**WHAT THE TASK ASKS:** Leave out the pictures and restate the rest of the data exactly.

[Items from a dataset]
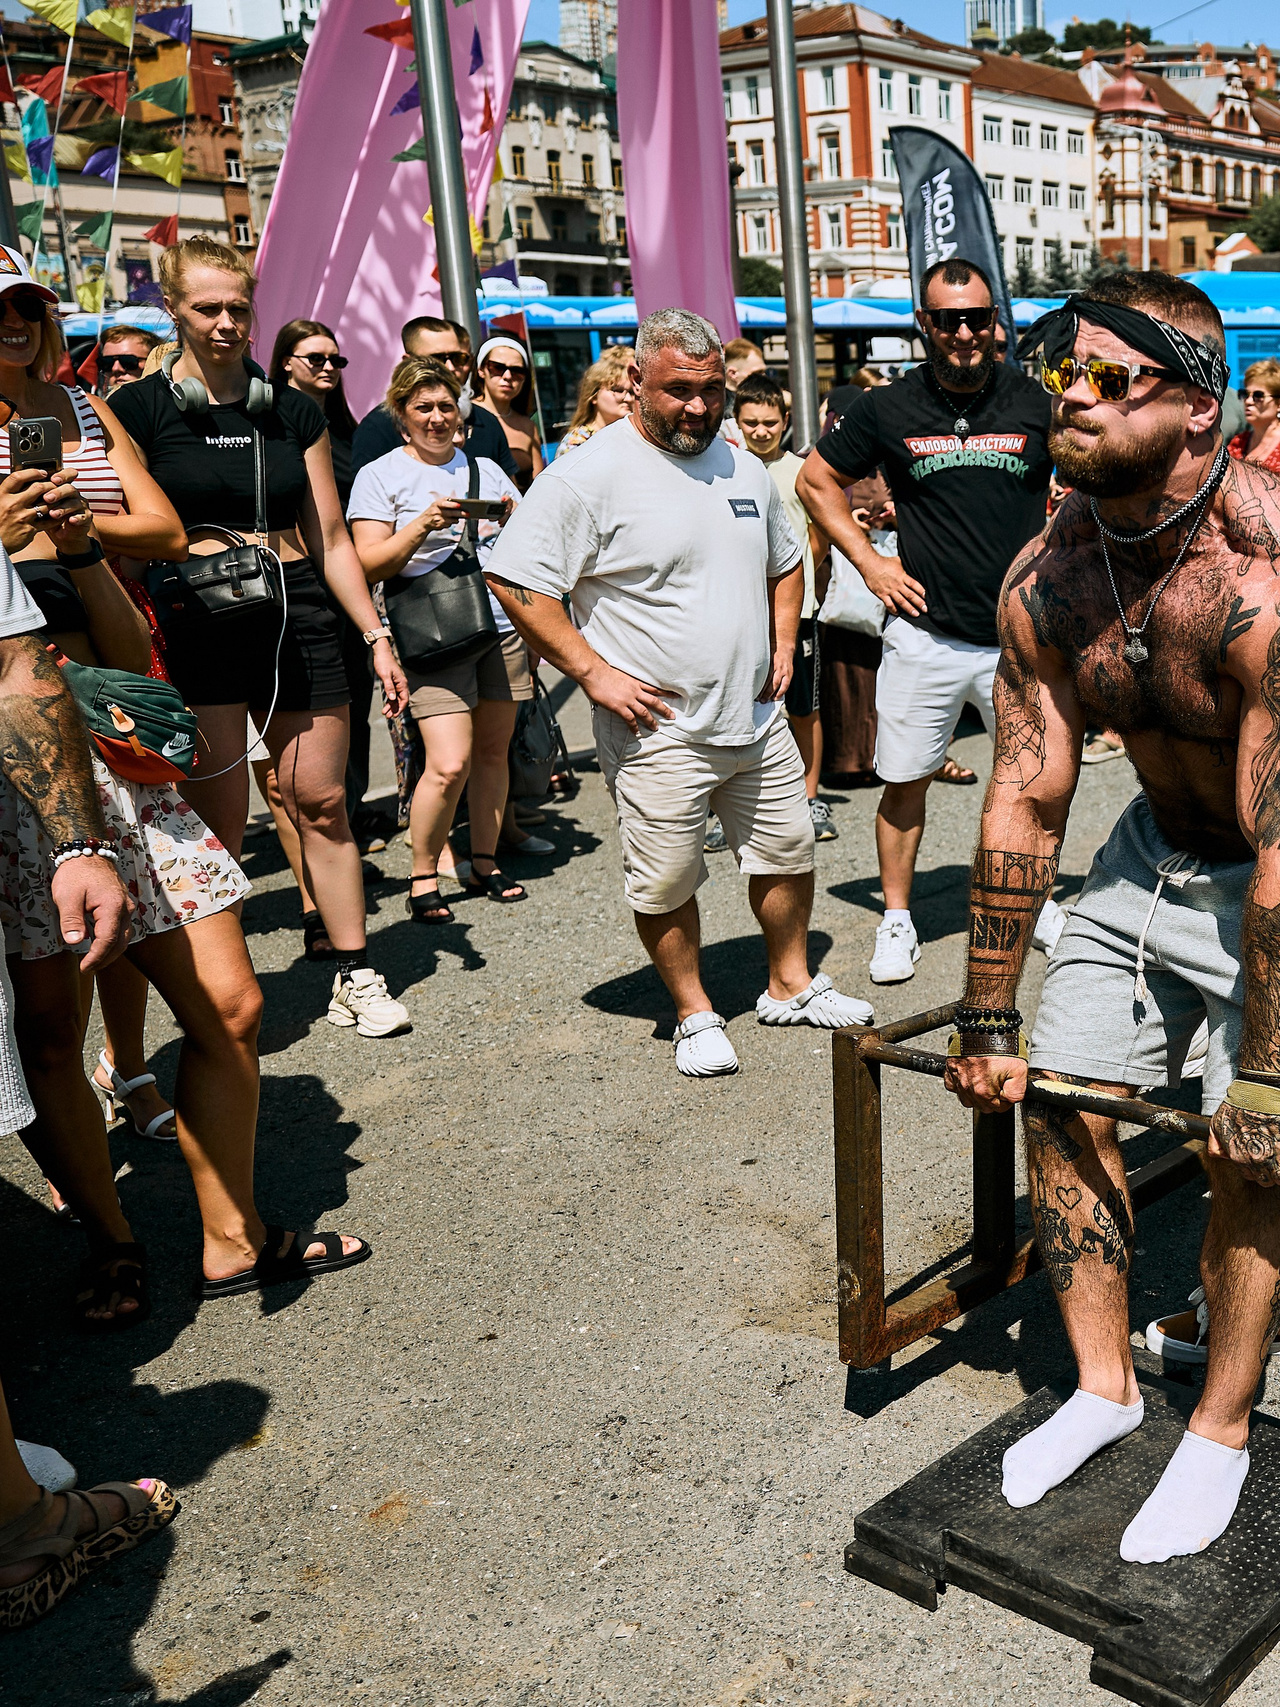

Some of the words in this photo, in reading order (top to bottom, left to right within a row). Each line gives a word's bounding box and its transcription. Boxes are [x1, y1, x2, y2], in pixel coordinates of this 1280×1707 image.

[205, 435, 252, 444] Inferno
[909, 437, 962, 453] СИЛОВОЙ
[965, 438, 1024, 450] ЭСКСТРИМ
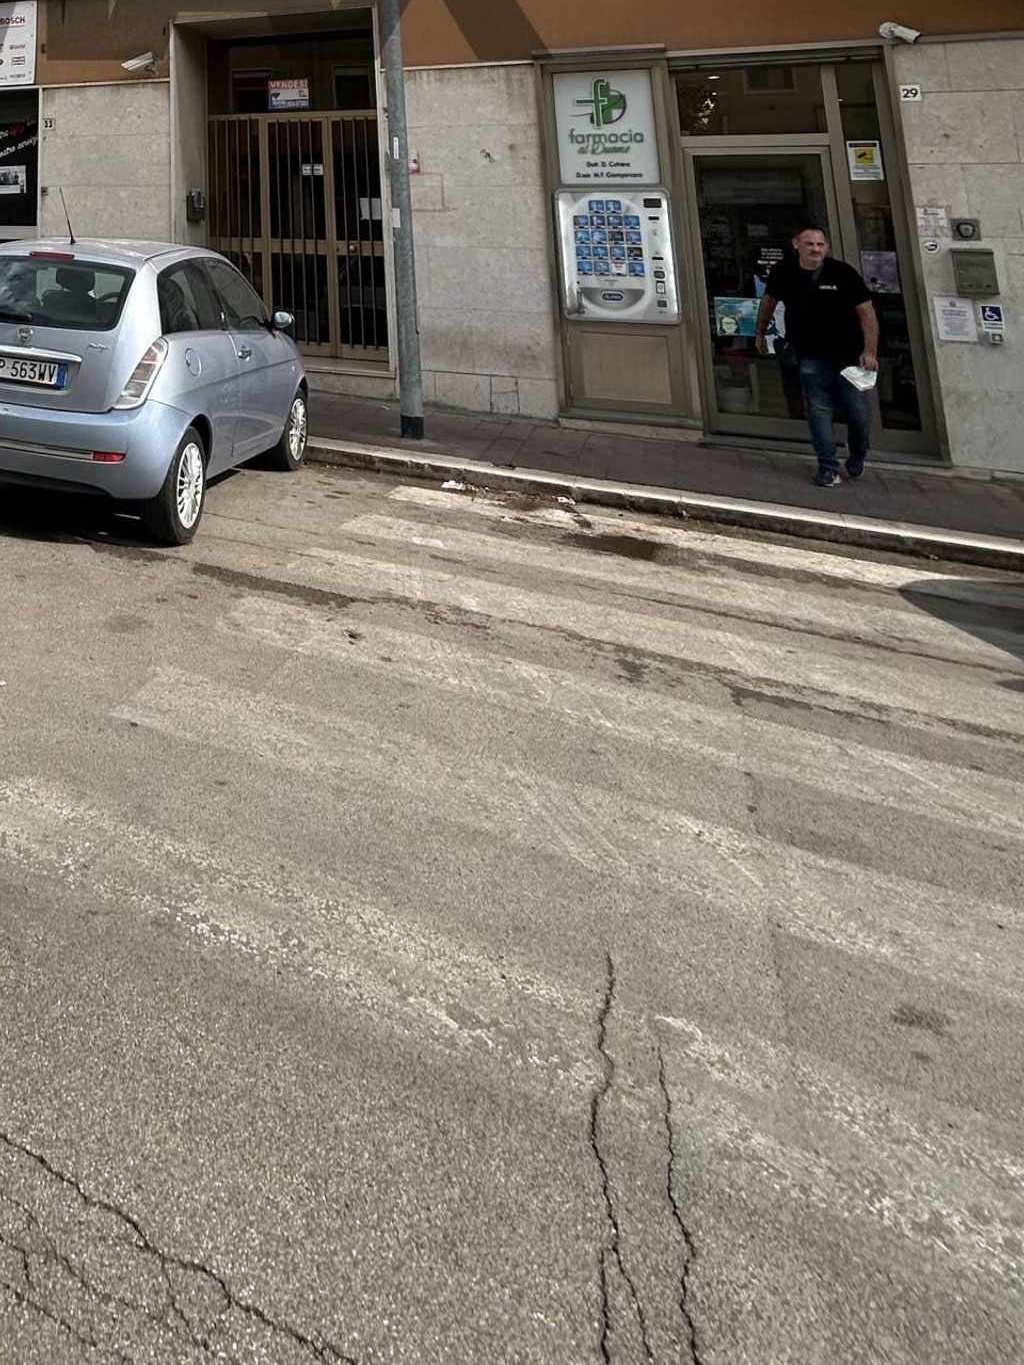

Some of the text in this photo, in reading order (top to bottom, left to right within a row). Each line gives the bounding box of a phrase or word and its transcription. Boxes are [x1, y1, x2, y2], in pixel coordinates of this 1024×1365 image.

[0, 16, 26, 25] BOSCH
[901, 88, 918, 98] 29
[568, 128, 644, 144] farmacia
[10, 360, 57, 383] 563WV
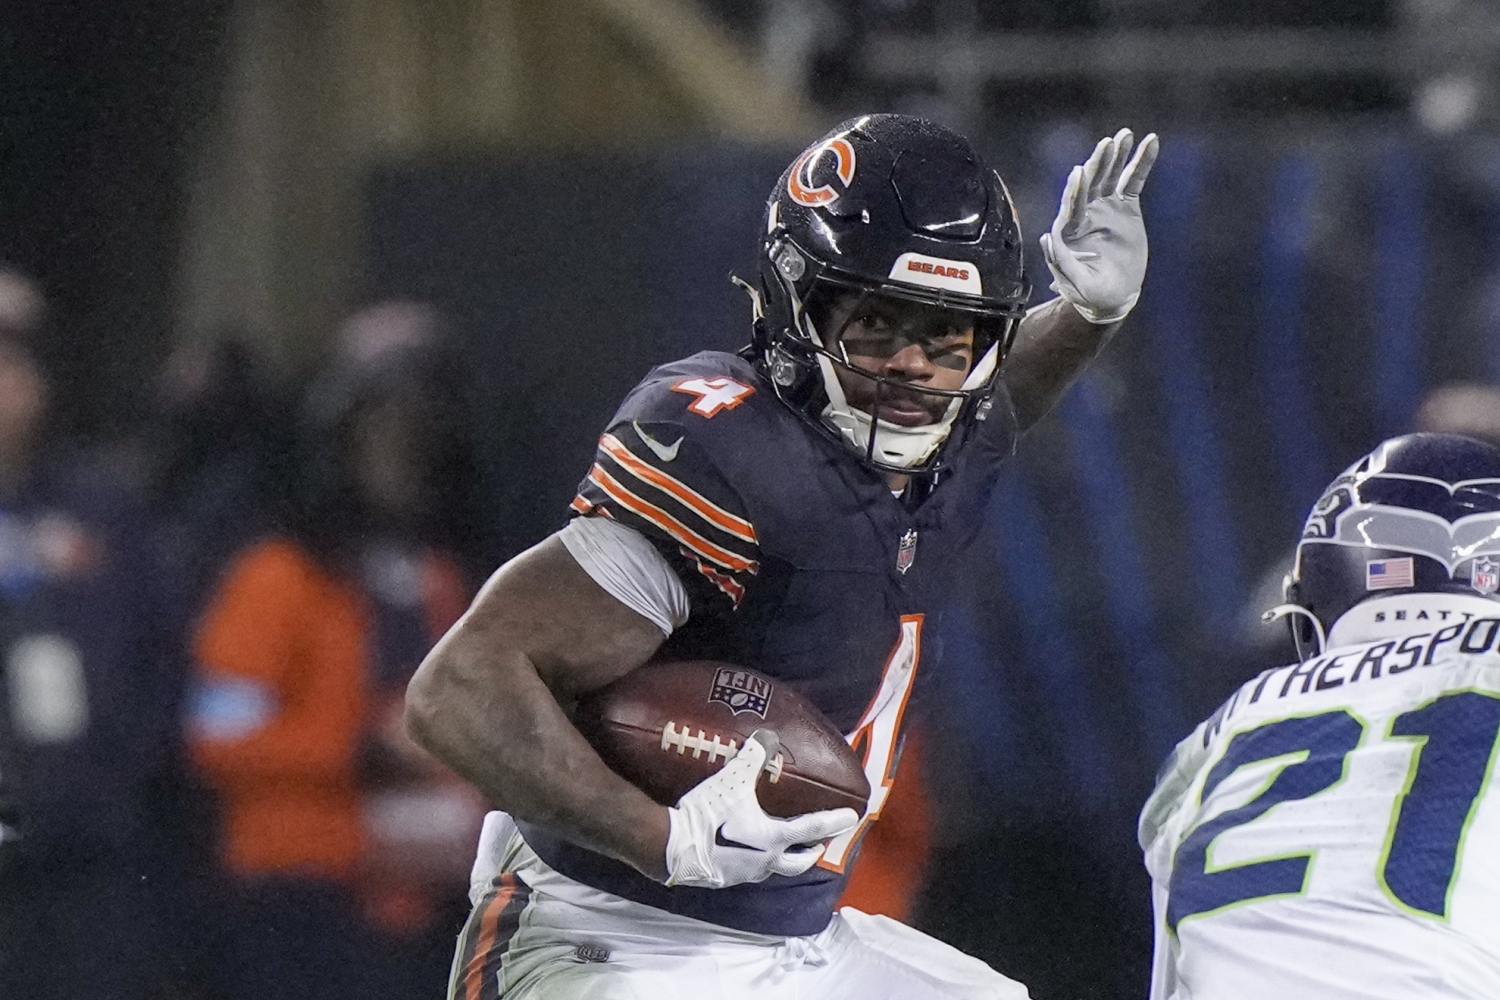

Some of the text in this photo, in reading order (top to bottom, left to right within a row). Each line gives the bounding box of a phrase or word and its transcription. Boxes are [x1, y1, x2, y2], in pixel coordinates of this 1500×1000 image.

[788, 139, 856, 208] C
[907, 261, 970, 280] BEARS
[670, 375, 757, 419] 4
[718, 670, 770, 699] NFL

**RESPONSE:**
Some of the words in this photo, in reading order (top to bottom, left to right within a row). Each line gives a word's bounding box and its transcription. Boxes are [x1, y1, x2, y2], in pixel coordinates of this 1280×1707 image.

[205, 435, 252, 444] Inferno
[909, 437, 962, 453] СИЛОВОЙ
[965, 438, 1024, 450] ЭСКСТРИМ

Some of the text in this photo, in reading order (top to bottom, left to right within a row). Each line gives the bounding box of a phrase or word and its transcription. Boxes are [x1, y1, x2, y2], in pixel coordinates of this 1024×1365 image.

[0, 16, 26, 25] BOSCH
[901, 88, 918, 98] 29
[568, 128, 644, 144] farmacia
[10, 360, 57, 383] 563WV

Some of the text in this photo, in reading order (top to bottom, left to right within a row). Each line gives the bounding box of a phrase or word and its transcription. Boxes are [x1, y1, x2, y2], in pixel coordinates of this 1500×1000 image.

[788, 139, 856, 208] C
[907, 261, 970, 280] BEARS
[670, 375, 757, 419] 4
[718, 670, 770, 699] NFL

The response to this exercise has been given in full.